11 июля 1912 г. (Мер. и Фил.).
* * *
Что это, неужели я буду «читаем» (успех "Уед.")?
То только, что "со мной" будут читаемы, останутся в памяти и получат какой-то там «успех» (может быть, ненужный) Страхов, Леонтьев, Говоруха бы Отрок (не издан), может быть, Фл. и Рцы.
Для «самого» — не надо и, м. быть, не следует.
11 июня 1912 г.
* * *
Что, однако, для себя я хотел бы во влиянии?

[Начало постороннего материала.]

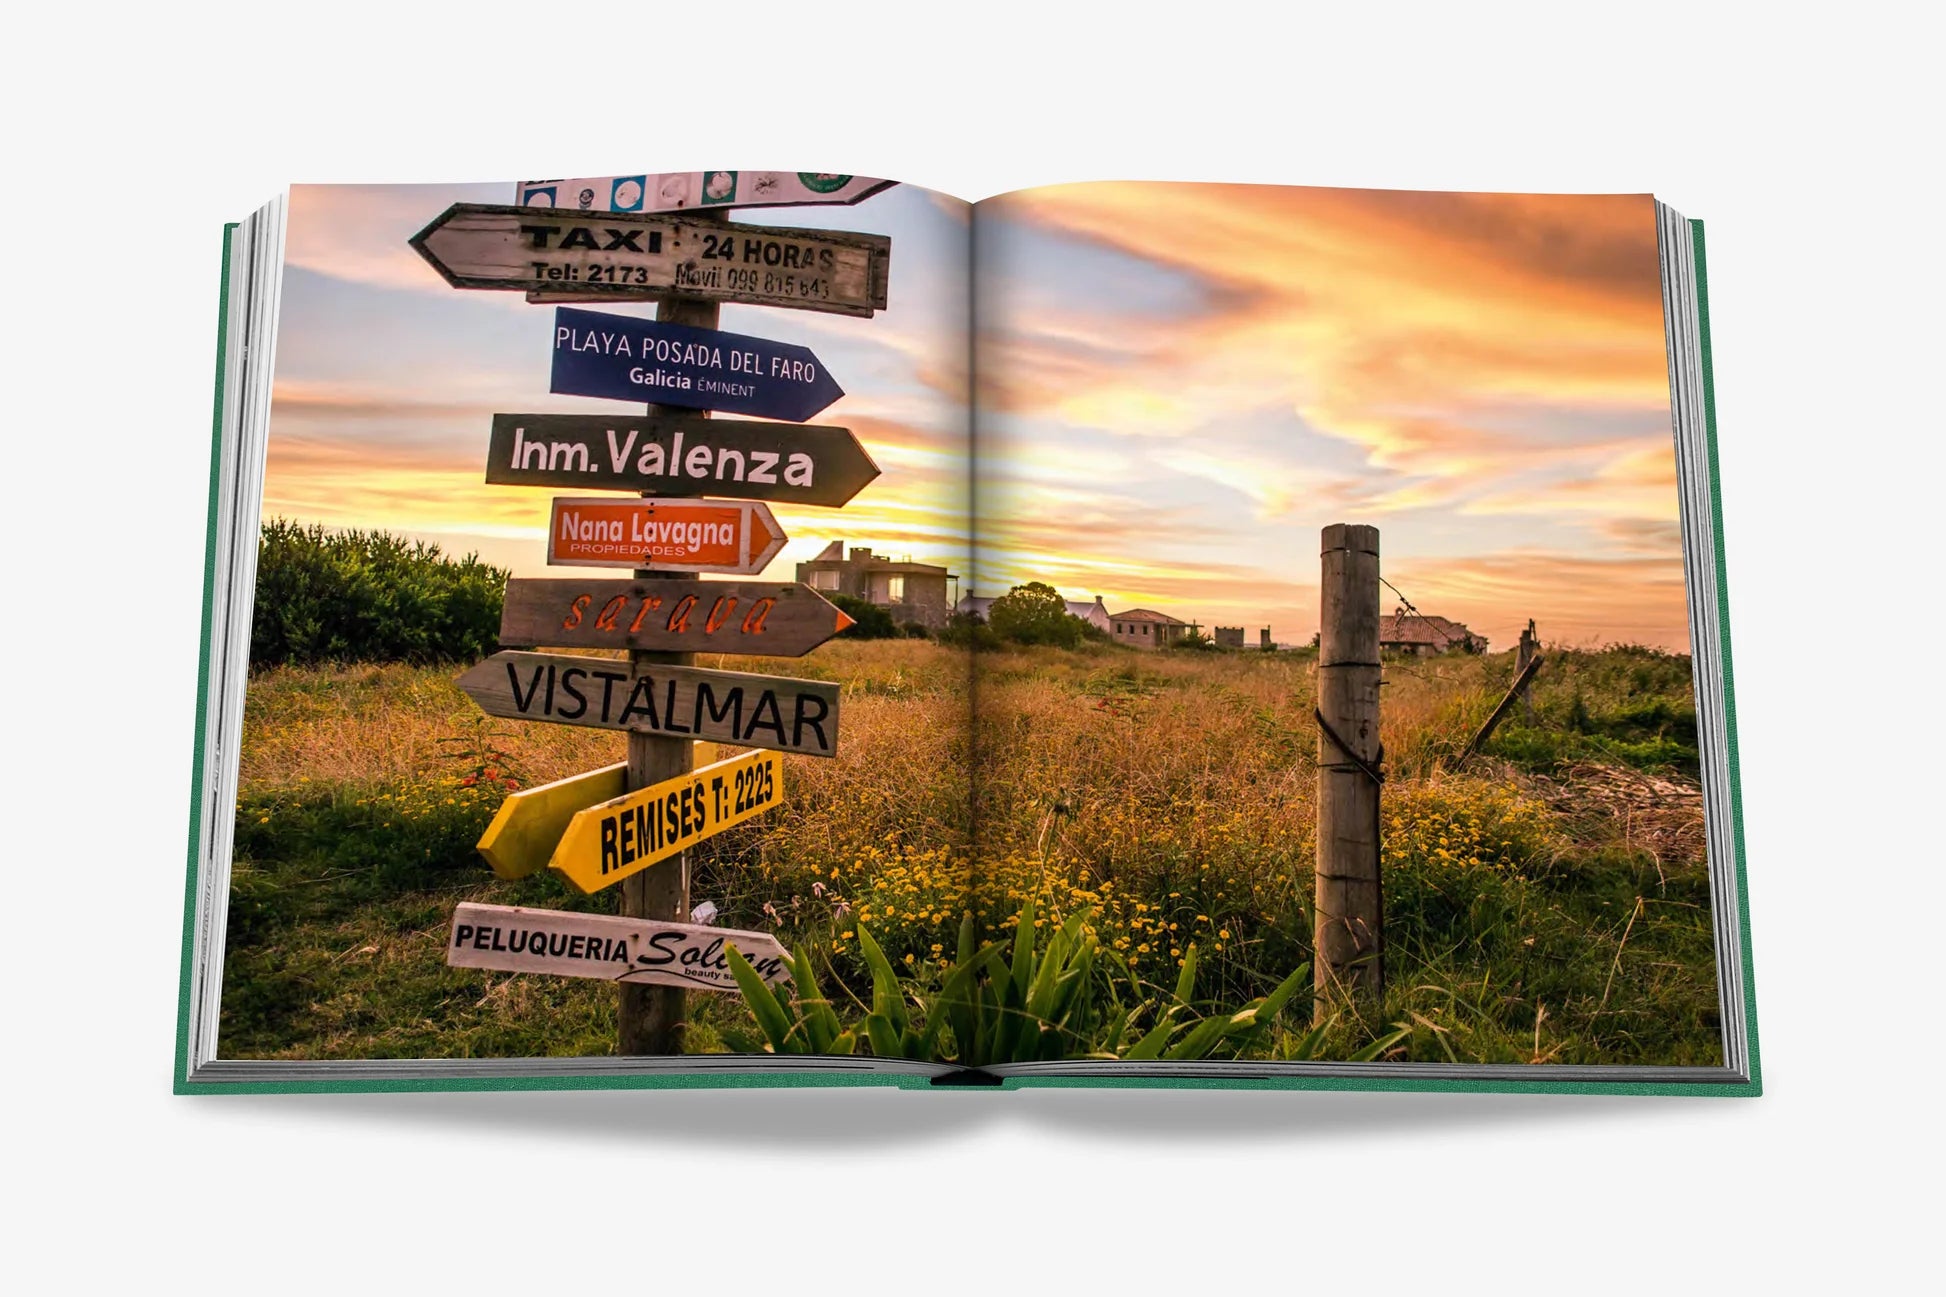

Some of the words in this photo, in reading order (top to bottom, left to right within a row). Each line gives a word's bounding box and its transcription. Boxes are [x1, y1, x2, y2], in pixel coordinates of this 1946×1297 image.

Психологичности. Вот этой ввинченности мысли в душу человеческую, — и рассыпчатости, разрыхленности их собственной души (т. е. у читателя). На "образ мыслей" я нисколько не хотел бы влиять; "на убеждения" — даже "и не подумаю". Тут мое глубокое "все равно". Я сам «убеждения» менял как перчатки, и гораздо больше интересовался калошами (крепки ли), чем убеждениями (своими и чужими).
11 июня 1912 г.
* * *
Будет ли хорошо, если я получу влияние? Думаю — да. Неужели это иллюзия, что "понимавшие меня люди" казались мне наилучшими и наиболее интересными. Я отчетливо знаю, что это не от самолюбия. Я клал свое «да» на этих людей, любовь свою, видя, что они проникновеннее чувствуют душу человеческую, мир, коров, звезды, все (рассказы Цв-а о мучающихся птицах и больных собаках, о священнике в Си-бири и о проказе, — умер, и с попадьей, ухаживая). Вот такой человек "брат мне", "лучший, чем я". Между тем как Струве сколько ни долдонил мне о «партиях» и что "без партийности нет политики", я был как кирпич, и он был для меня кирпич. Так. обр., "мое влияние" было бы в расширении души человеческой, в том, что "дышит всем" душа, что она "вбирает в себя все". Что душа была бы нежнее, чтобы у нее было больше ухо, больше ноздри. Я хочу, чтобы люди "все цветы нюхали"…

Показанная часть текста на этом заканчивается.